EXERCISE BRIEF
Send each entry back exactly as given, pictures excluded.

□ □ □ □ □ □ □

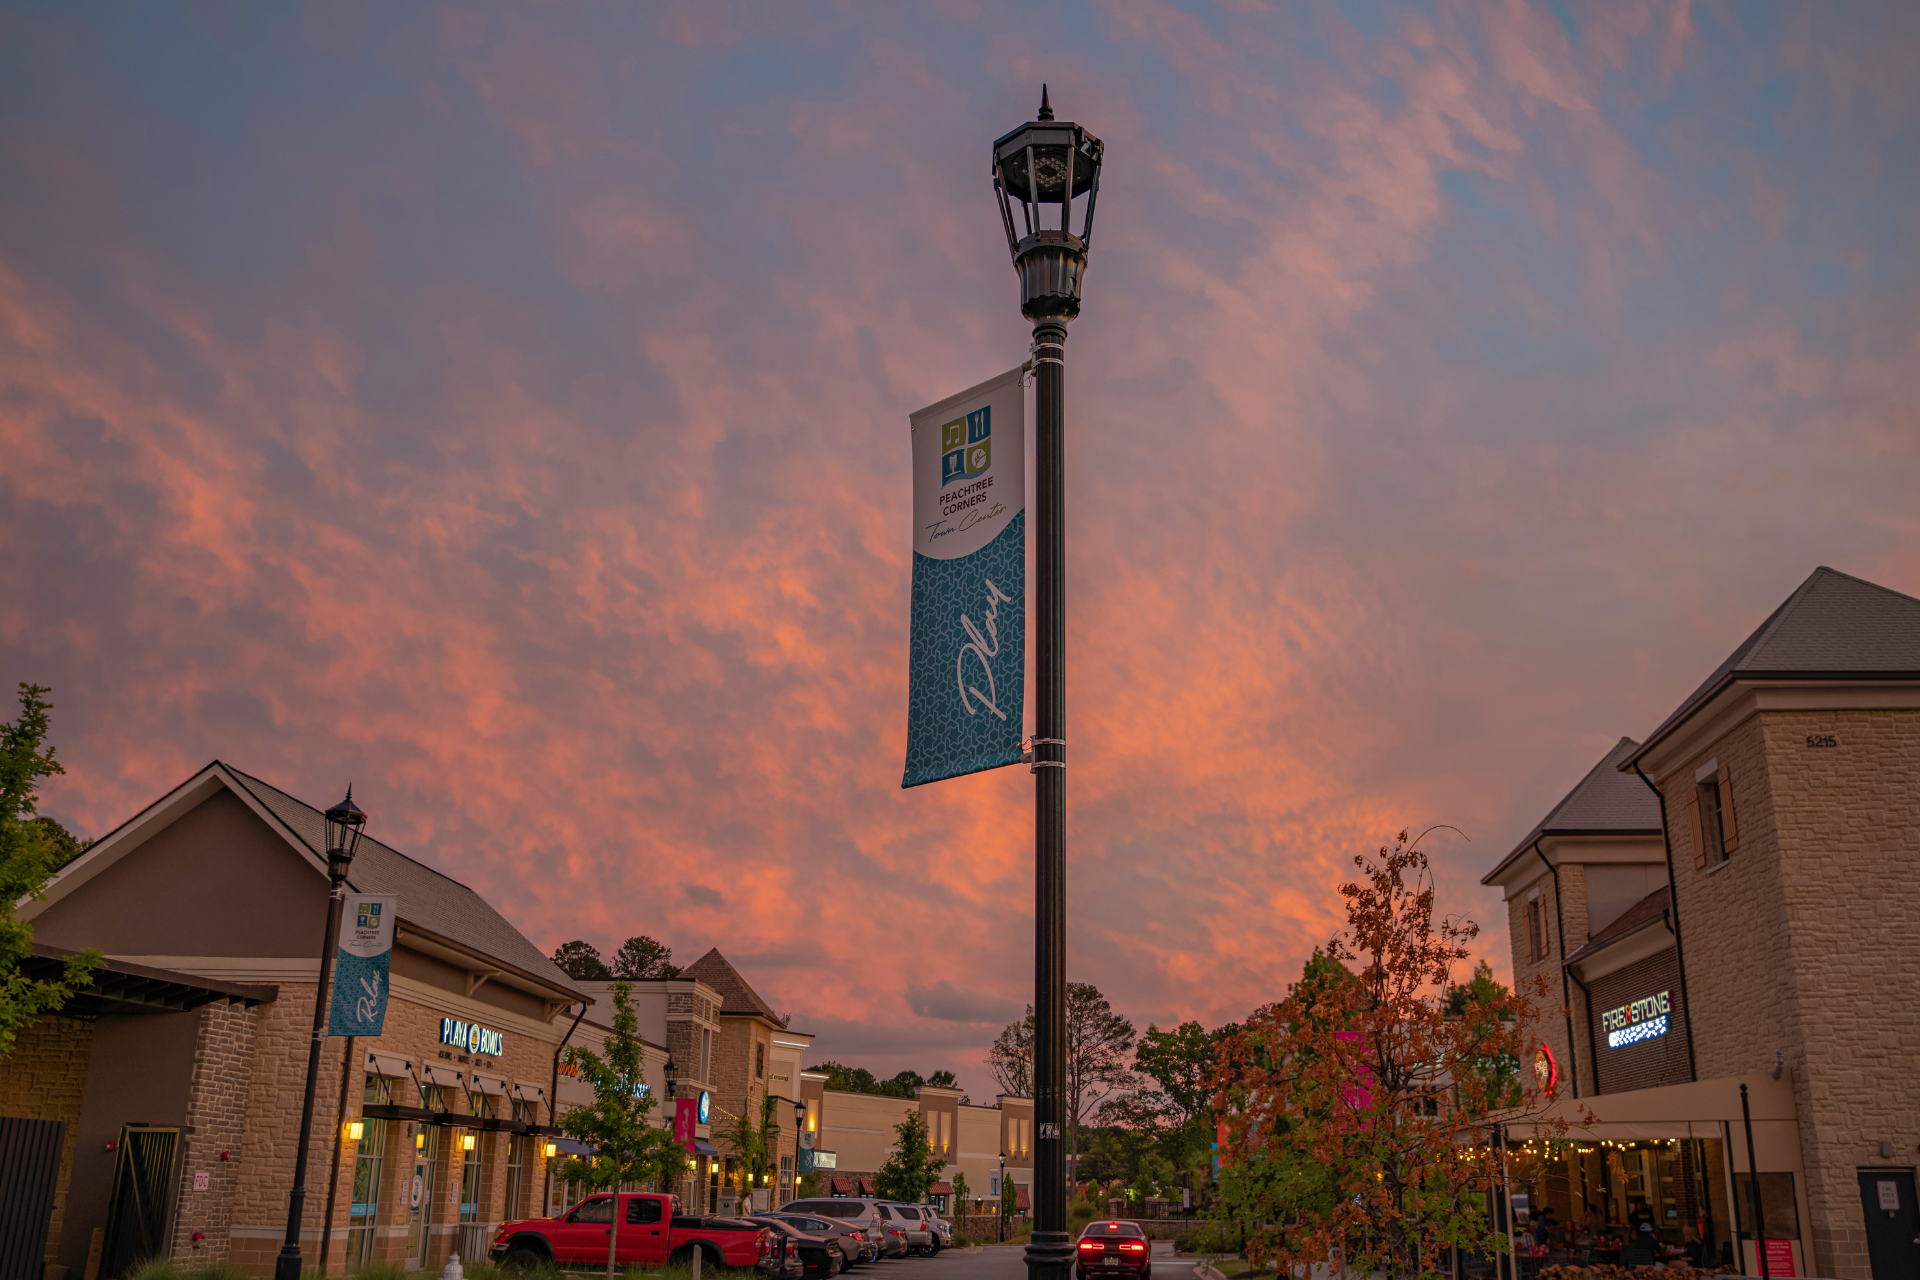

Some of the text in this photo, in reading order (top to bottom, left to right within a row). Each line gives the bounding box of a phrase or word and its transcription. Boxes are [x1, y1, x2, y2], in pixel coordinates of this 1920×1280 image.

[939, 476, 994, 506] PEACHTREE
[943, 491, 987, 516] CORNERS
[925, 501, 1007, 543] Town Center
[956, 578, 1012, 721] Play
[1806, 735, 1837, 748] 5215
[356, 969, 383, 1023] Relax
[442, 1017, 503, 1057] PLAYA BOWLS
[195, 1175, 208, 1187] FDC
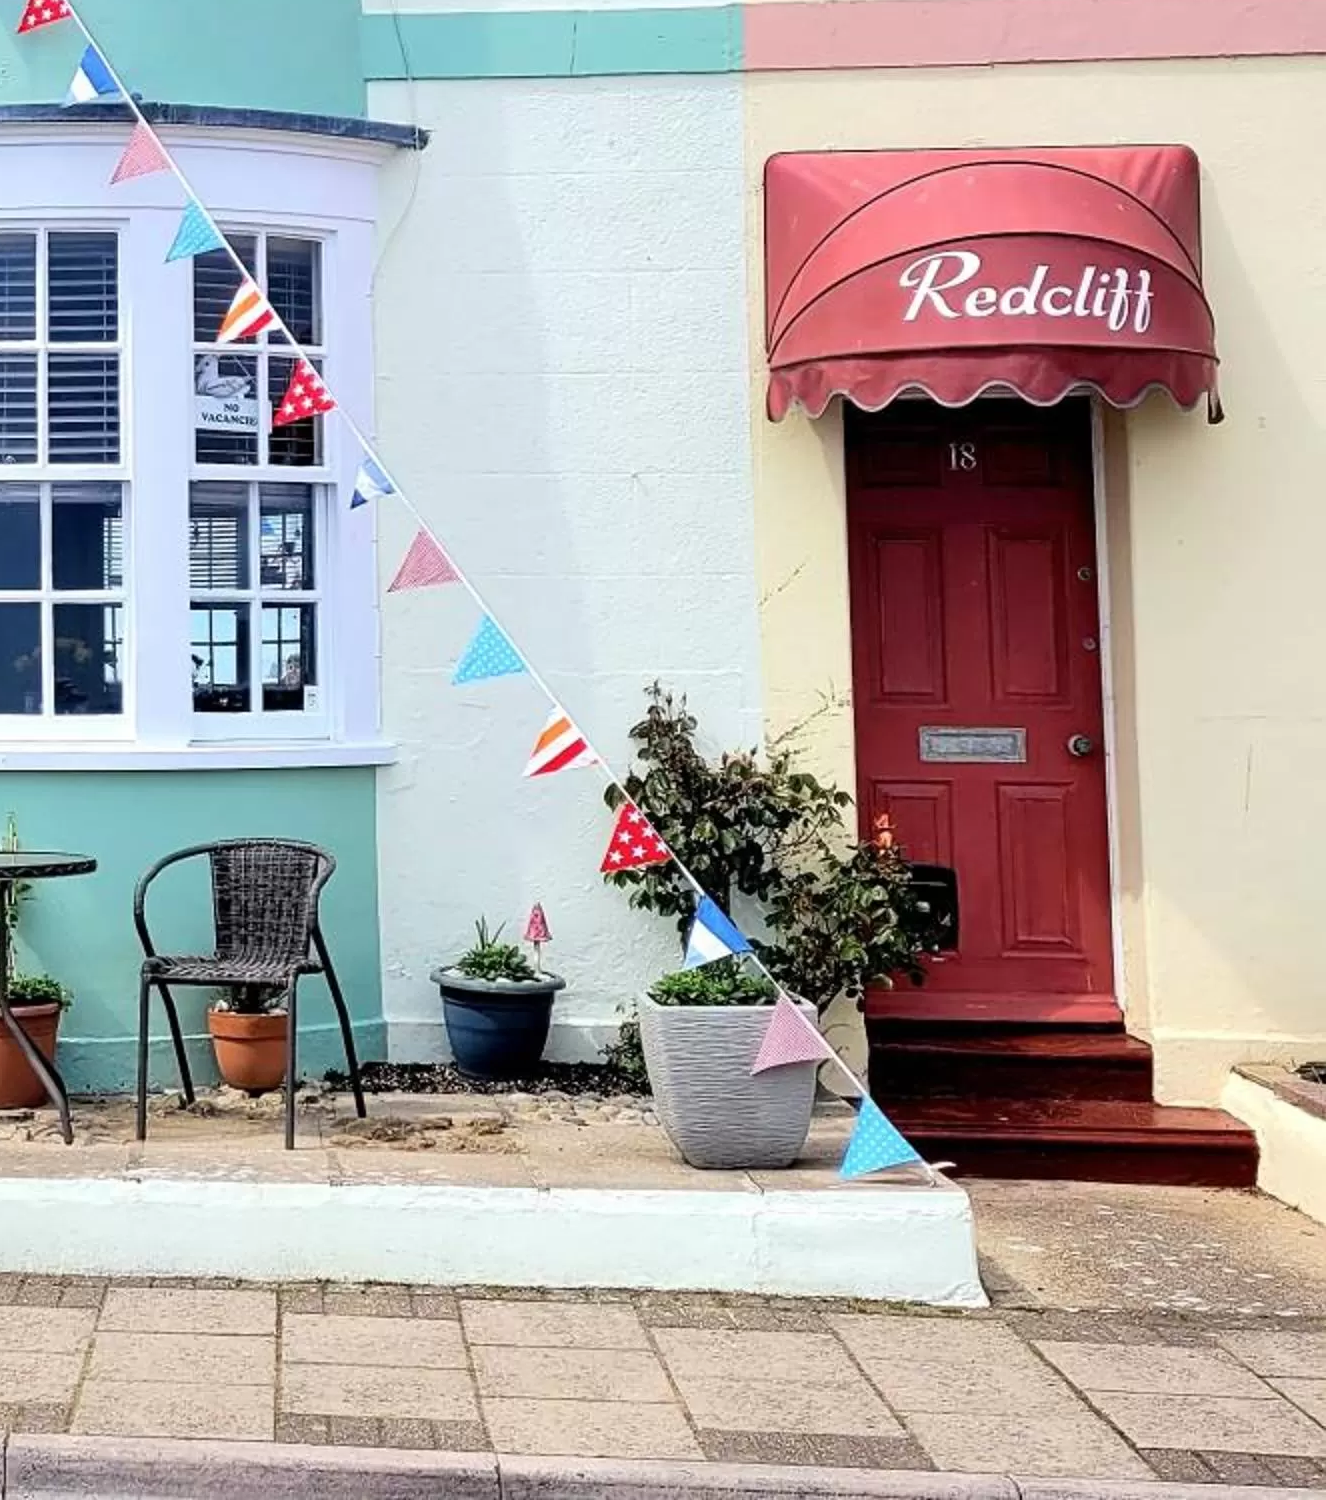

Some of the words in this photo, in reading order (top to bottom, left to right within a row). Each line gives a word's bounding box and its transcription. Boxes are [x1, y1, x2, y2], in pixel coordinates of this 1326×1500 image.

[899, 251, 1154, 333] Redcliff
[201, 412, 258, 426] VACANCIE
[224, 403, 240, 413] NO
[948, 442, 978, 472] 18
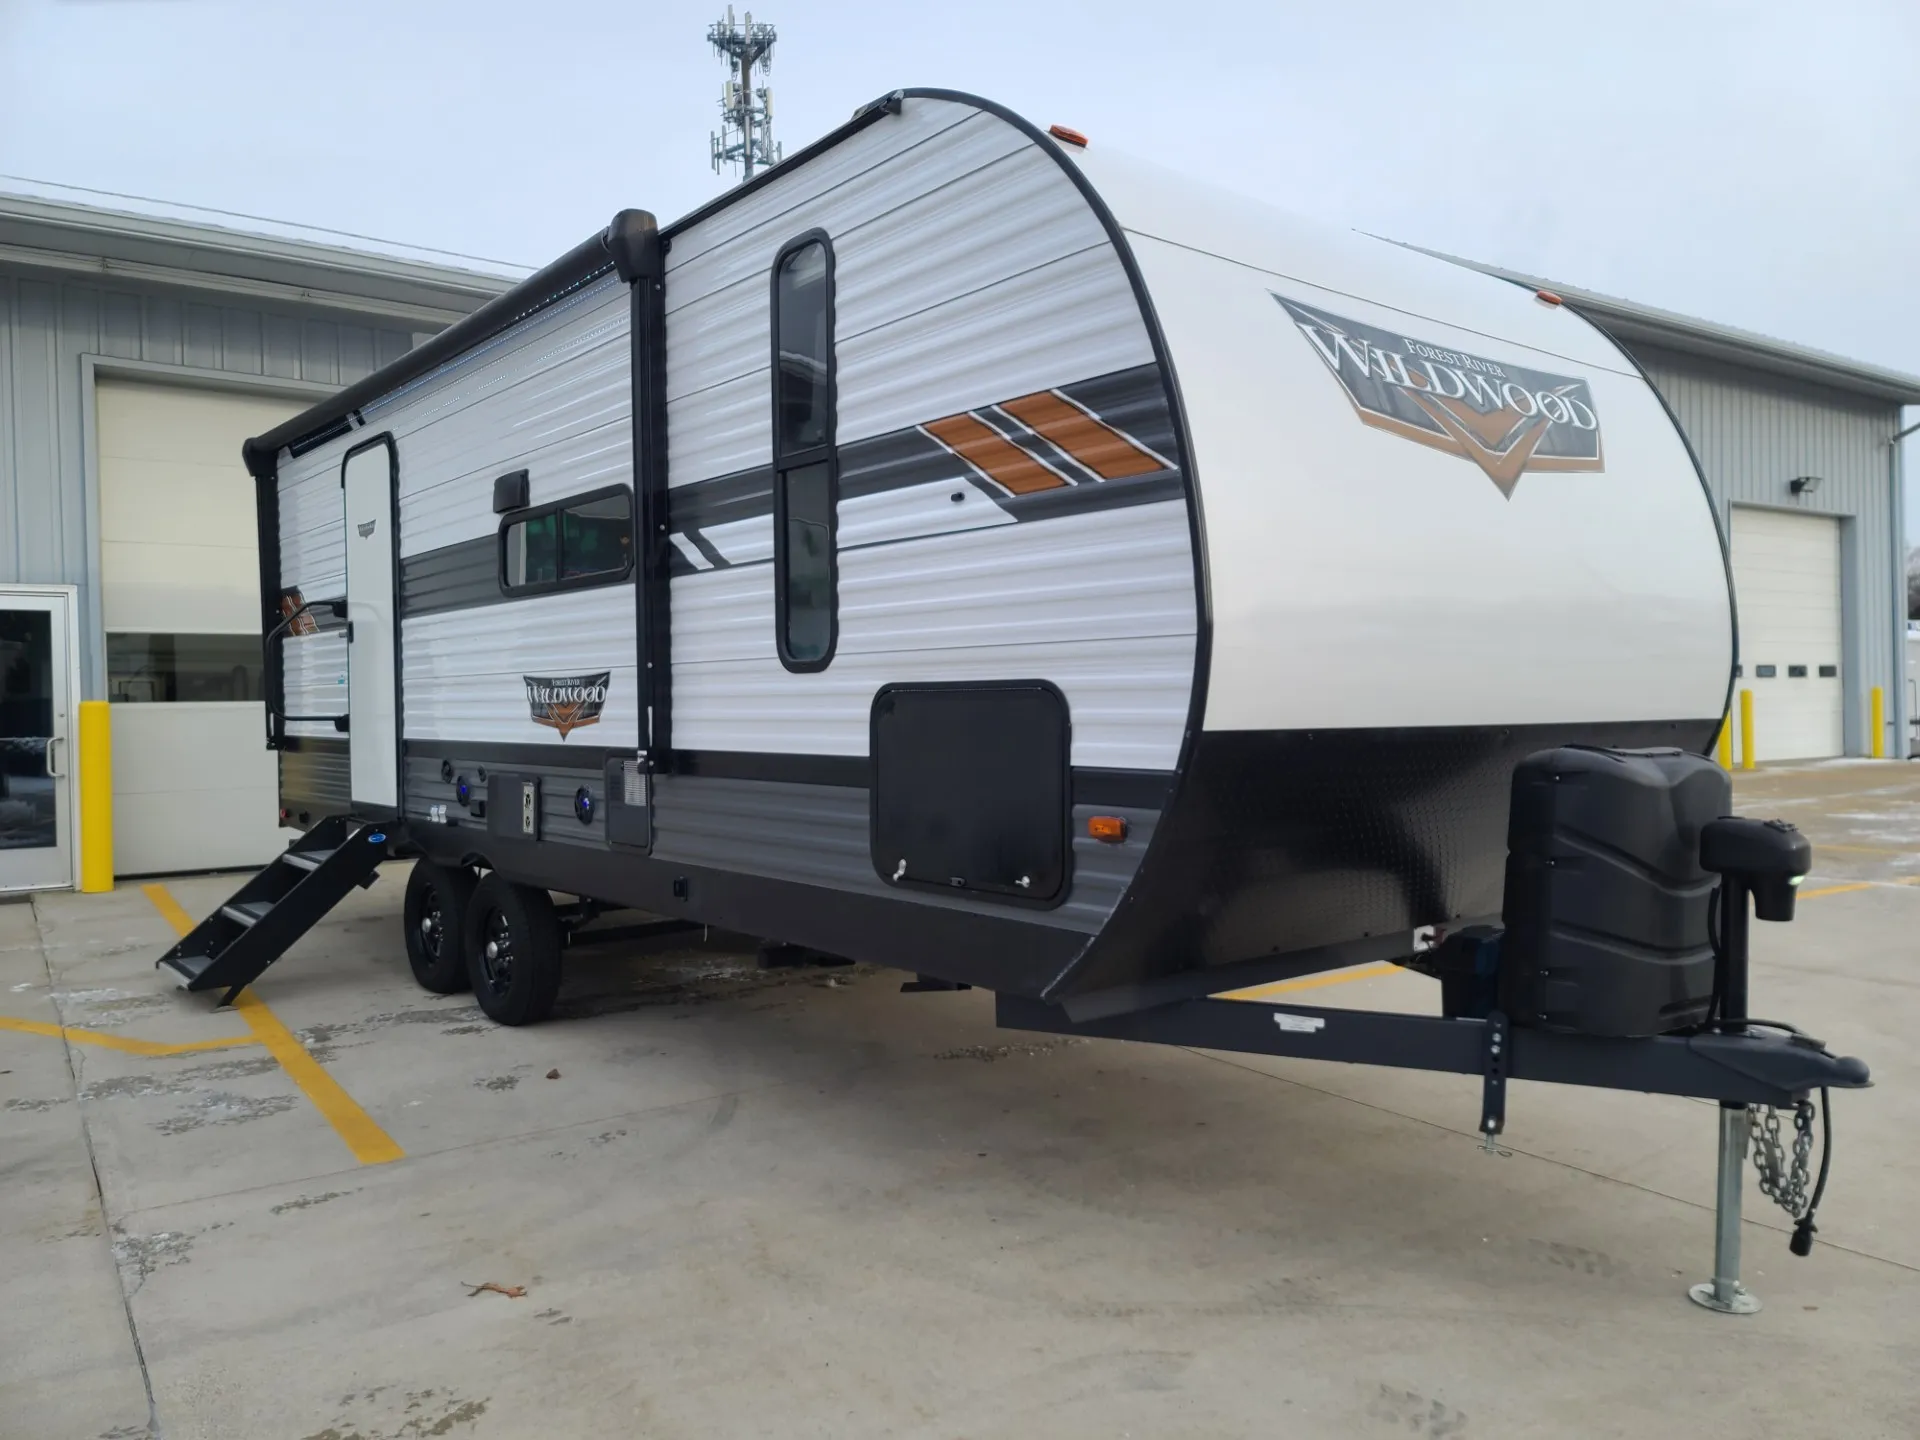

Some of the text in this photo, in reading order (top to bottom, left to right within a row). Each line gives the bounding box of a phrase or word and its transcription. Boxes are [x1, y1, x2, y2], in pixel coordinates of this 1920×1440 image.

□ □ □ □ □ □ □

RESPONSE TO THIS TASK
Some of the text in this photo, in reading order (top to bottom, left to right within a row). Each line gives the bounding box of a phrase or word and its transcription. Boxes are [x1, y1, x2, y2], in pixel coordinates of this 1920×1280 image.

[939, 476, 994, 506] PEACHTREE
[943, 491, 987, 516] CORNERS
[925, 501, 1007, 543] Town Center
[956, 578, 1012, 721] Play
[1806, 735, 1837, 748] 5215
[356, 969, 383, 1023] Relax
[442, 1017, 503, 1057] PLAYA BOWLS
[195, 1175, 208, 1187] FDC

Some of the words in this photo, in reading order (top to bottom, left to right within a row). Each line gives a word's bounding box and its transcription. Boxes are [x1, y1, x2, y2], in pixel coordinates of this 1326×1500 image.

[899, 251, 1154, 333] Redcliff
[201, 412, 258, 426] VACANCIE
[224, 403, 240, 413] NO
[948, 442, 978, 472] 18

Some of the text in this photo, in reading order (top to bottom, left to right within a row). Each line gives the bounding box of a phrase or word and its transcription. Boxes are [x1, y1, x2, y2], in pixel coordinates of this 1920×1440 image.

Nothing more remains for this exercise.